NATO-AVT-331 on "Goal-driven, multi-fidelity approaches for military vehicle system-level design"

L2 Sea Benchmark (developed by CNR-INM)

Andrea Serani and Matteo Diez

[Paper] [Presentation] [Video]

Tool description

• The tool provides the calm-water resistance of the DTMB-5415 (model scale) at Fr=0.28 by a linear potential flow solver.
• The tool is implemented in fortran and works under linux on windows linux subsystem by GNU or Intel fortran compilers.
• External libraries (lapack and blas for GNU or mkl for Intel) are needed.
• OpenMP implementation is also available but not mandatory.

Compilation options

• To compile the code,

  -- add the following line at the end of the .bashrc file ulimit -s unlimited

  -- open the makefile and

    -> for Intel compiler, uncomment the following compiling options
        FC       = ifort
        FCOPT    = -O5
        FCOPTOMP = -qopenmp
        LIB      = -mkl
    
    -> for GNU compiler, uncomment the following compiling options
        FC       = gfortran   
        FCOPT    = -O3
        FCOPTOMP = -fopenmp
        LIB      = -llapack -lblas
    
    !!!! ALLERT: under window linux subsystems make sure you are able to use openMP environment, otherwise comment the FCOPTOMP option   
  

  -- save and close the makefile and finally type make in a linux shell

Notes

• The potential flow solver can be run at even keel or with 2DoF. For the bechmark pourpouse the simulation can be performed at even and keel and the example file are already set up.

• Up to 7 fidelity levels have been defined.

• Only two text files (SBDF.nml and variables.inp) need to be edited to run the code.

-- SBDF.nml contains all the namelists

-> to select the fidelity levels, the parameters to be edited in the MAIN_PARAMETERS namelist is
    
    igrid           = 7				! Grid/fidelity level, 1=highest	(int)
    
-> variables.inp contains the design variables
    
    it is a column text files of 14 lines, each of them represents the design variable value and have to be within -1 and 1

• Run the code in the directory with the input files (see the /example/DTMB-5415 folder) executing the binary file in the /bin folder.

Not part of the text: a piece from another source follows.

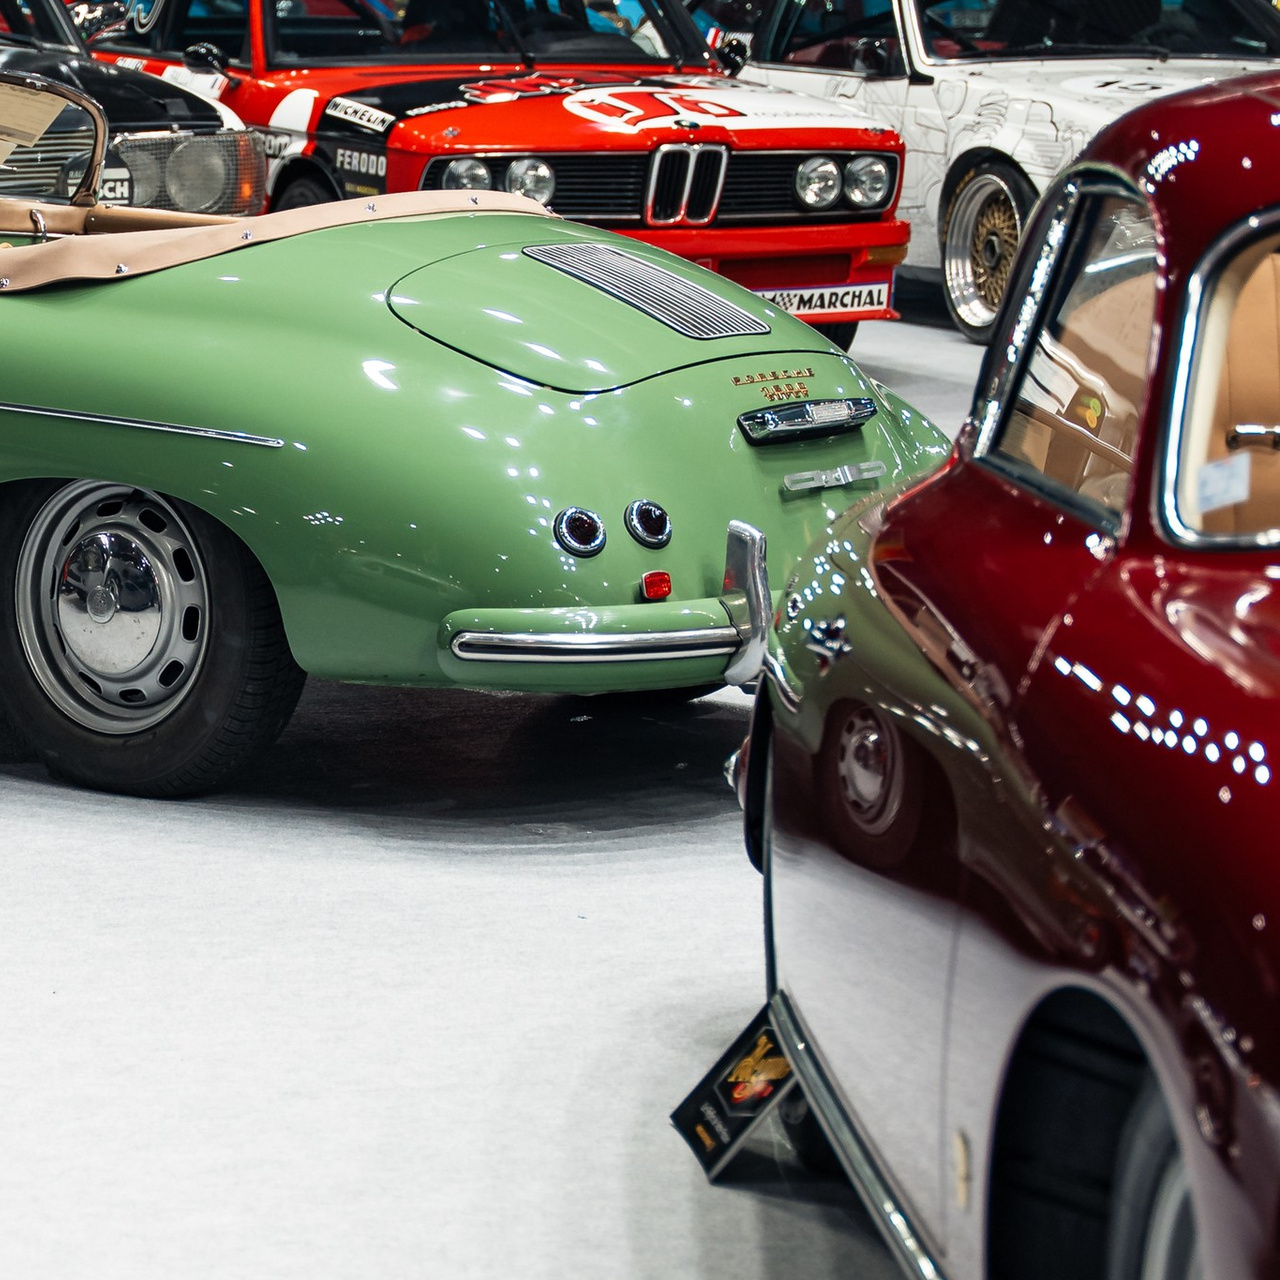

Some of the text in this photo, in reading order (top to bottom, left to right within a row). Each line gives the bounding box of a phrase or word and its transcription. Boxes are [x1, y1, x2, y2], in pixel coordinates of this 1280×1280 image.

• A CPU000 folder will be created with all the input and output files. The objective function value, along with the costraints can be found in the objective.out file

References

References are available in the /doc folder. For the design-space and optimization problem definitions, constraints, and solver refer to

• Pellegrini, R., Serani, A., Liuzzi, G., Rinaldi, F., Lucidi, S., & Diez, M. (2022). A Derivative-Free Line-Search Algorithm for Simulation-Driven Design Optimization Using Multi-Fidelity Computations. Mathematics, 10(3), 481.
• Serani, A., Stern, F., Campana, E. F., & Diez, M. (2021). Hull-form stochastic optimization via computational-cost reduction methods. Engineering with Computers, 1-25.
• Serani, A., Diez, M., Wackers, J., Visonneau, M., & Stern, F. (2019). Stochastic shape optimization via design-space augmented dimensionality reduction and rans computations. In AIAA SciTech 2019 Forum (p. 2218).